To be here and gardening

Rhubarb on 22 March
in my 2020 lockdown file


I was standing on this spot yesterday. It's at the top of my allotment. Below it, a small hazel tree's just shed its catkins, above is a path and the gate. 
I don't remember what made me create a lockdown picture folder but it confirms the conversation I had with my neighbour Bridget yesterday - everything's late. Yesterday this rhubarb was barely visible - one was a small pinkish bud, the other a single leaf. In the same folder there were forget me nots in flower and green alcanet but yesterday I saw nothing but daffodils. 
It is cold. I was cold up there even in the sun. It's wet. I've held back on planting seeds because it seemed too early, even in a propagator. The light's not quite right. I wonder if a blast of warmth will close the six days difference on the date of this photo.

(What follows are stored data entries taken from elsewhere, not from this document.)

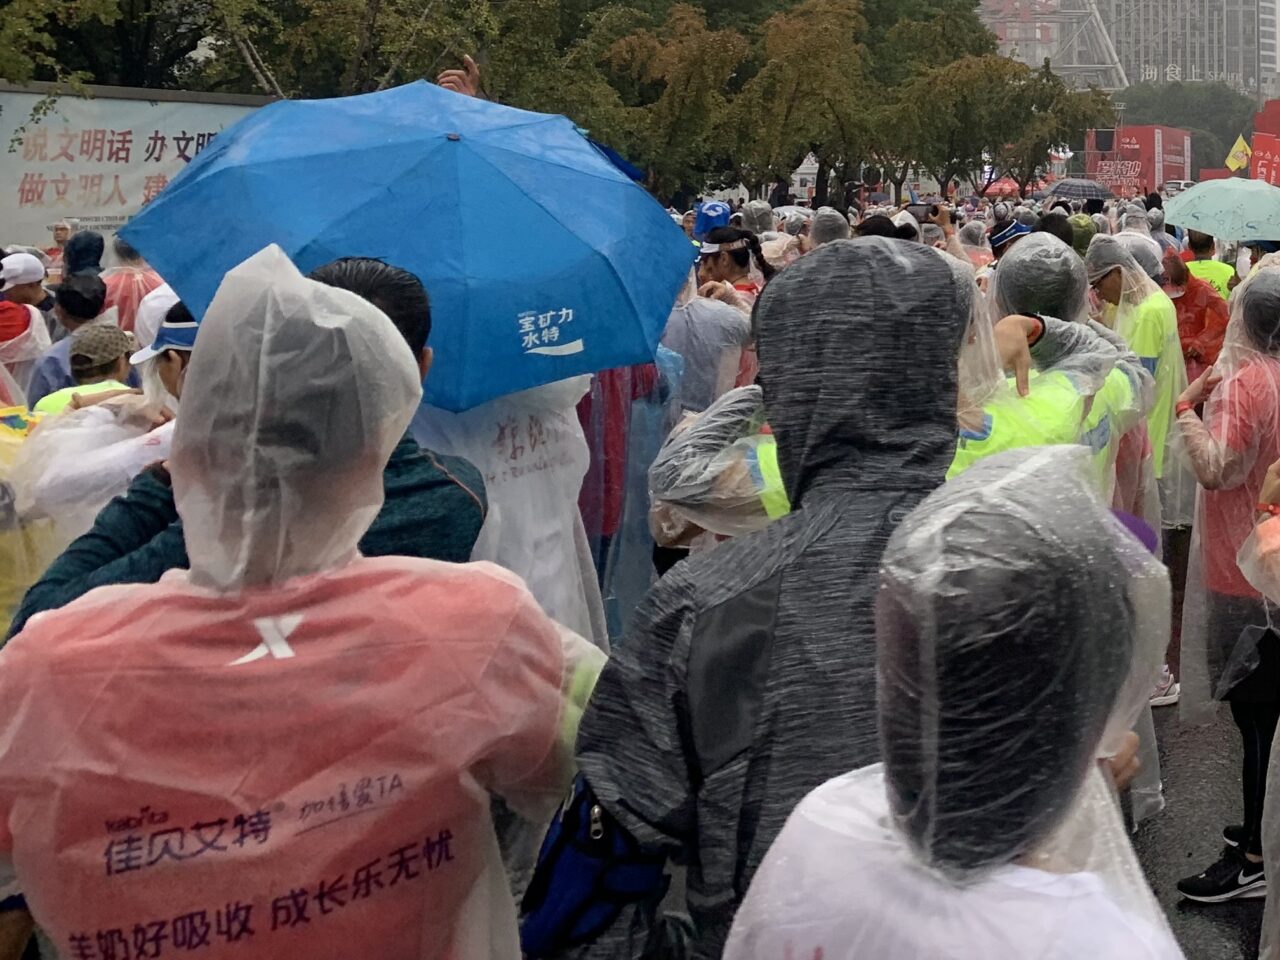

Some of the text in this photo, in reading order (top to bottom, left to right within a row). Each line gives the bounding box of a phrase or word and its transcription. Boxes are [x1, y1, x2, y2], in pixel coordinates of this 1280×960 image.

[18, 172, 128, 208] 做文明人
[518, 307, 574, 333] 宝矿力
[521, 326, 560, 348] 水特
[103, 809, 272, 876] 佳贝艾特
[67, 828, 456, 960] 羊奶好吸收 成长乐无忧
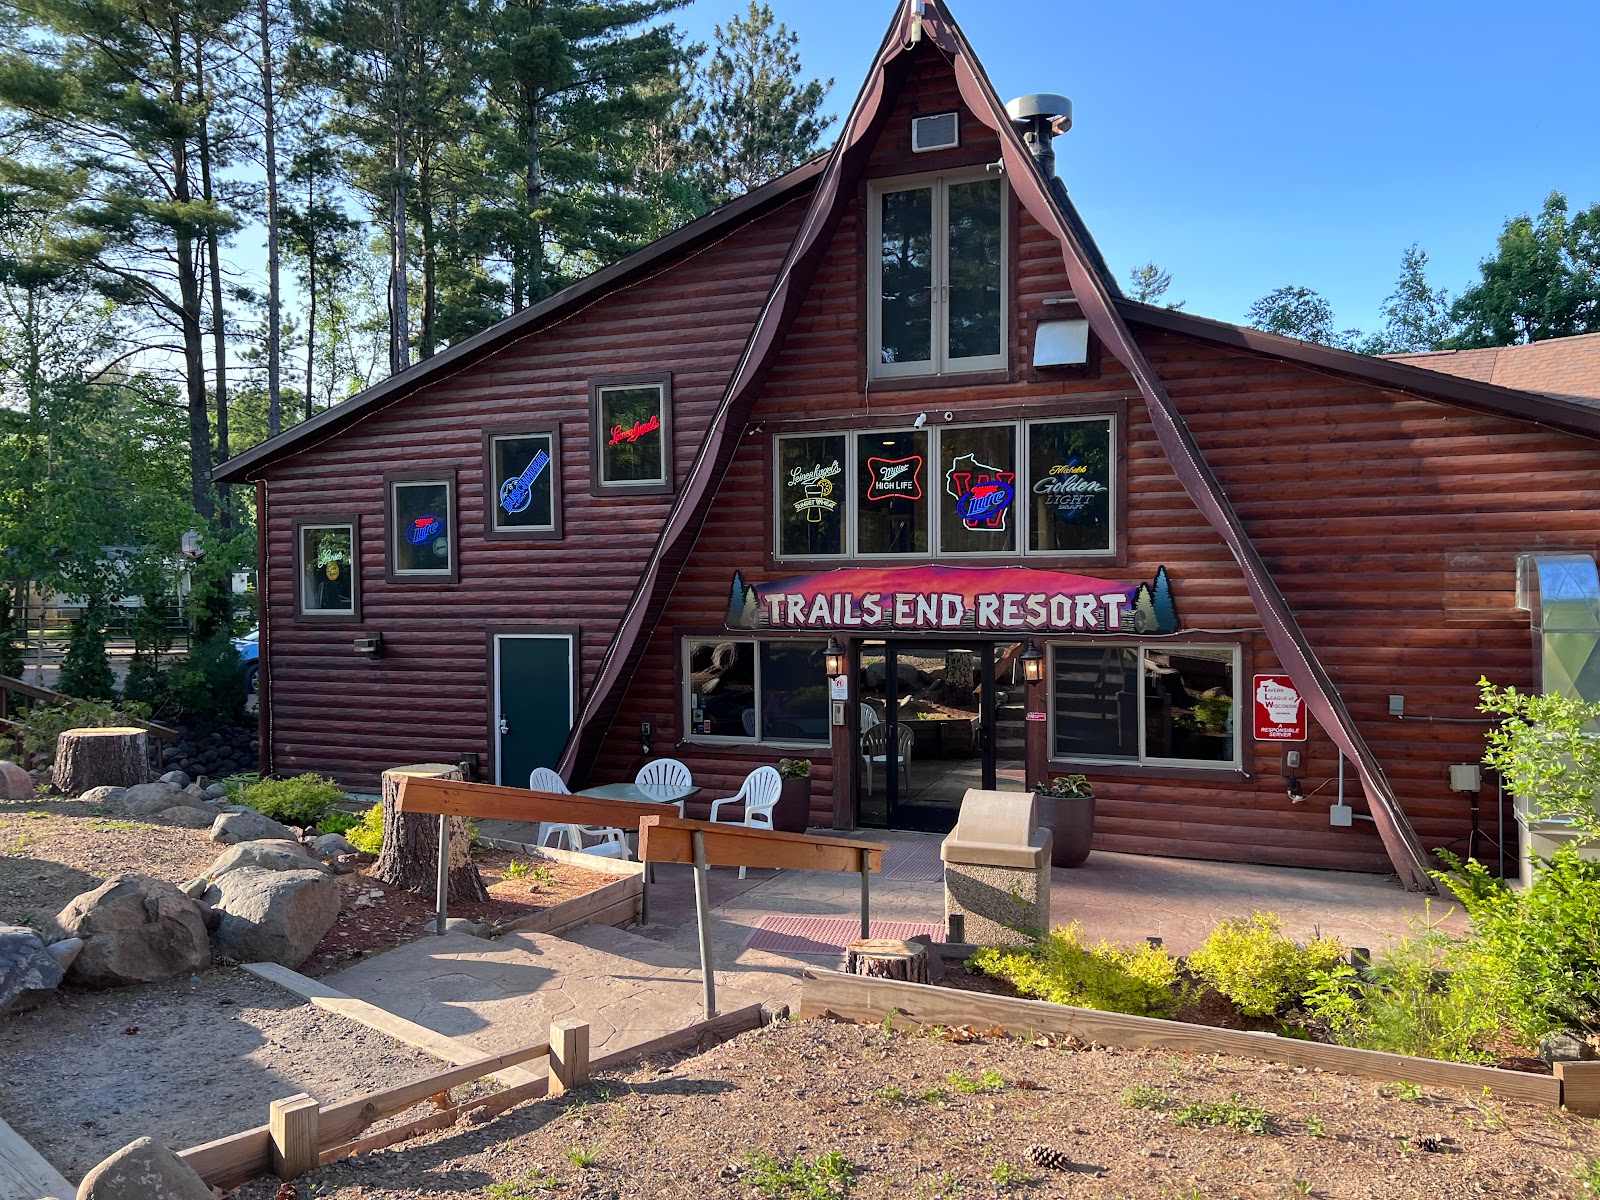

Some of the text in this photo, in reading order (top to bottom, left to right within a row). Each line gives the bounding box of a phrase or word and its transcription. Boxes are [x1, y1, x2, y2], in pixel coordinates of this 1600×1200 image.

[880, 464, 909, 481] Miller
[875, 481, 913, 490] HIGH LIFE
[1032, 474, 1108, 494] Golden
[1044, 494, 1095, 505] LIGHT
[764, 592, 1127, 630] TRAILS END RESORT

Plants that are normally regenerating by now are doing nothing, the apple trees showing no buds. I'm trying to establish a new herb patch, so I've moved feverfew and lemon balm, pulled up grass and transplanted oxeye daisies, dug up all the leeks because a couple of years ago allium leaf miner appeared on my plot. It's a fly, maggot and pupae and it shreds the plants, attacking garlic, onions and chives too. So Bridget's taking a break from leeks and I'm wondering what it'll do to the chives in the herb patches. I'll miss leeks, chives and onions. What's an allotment without them? My diet's built on them. 
Launching On Poetry
last summer
As I think about the old gardeners - what they knew and recorded, the books I've found with the gardening year illustrated in woodcuts, I realise I'm an old gardener too - two years off 70. It's an odd time, acknowledging an absence of self in the world because age does that to a woman.  Gardening is a way to respond to the feeling of loss. If nothing else, to note this March is cold, the plants are late and holding back. Around me people are struggling. The ground is all we have. We walk on it, grow on it, eat from it. Keep remembering this, I tell myself, think of Jamaica Kincaid, always interesting, always with something new to say about gardening. Let March be what it is. Be grateful for being here.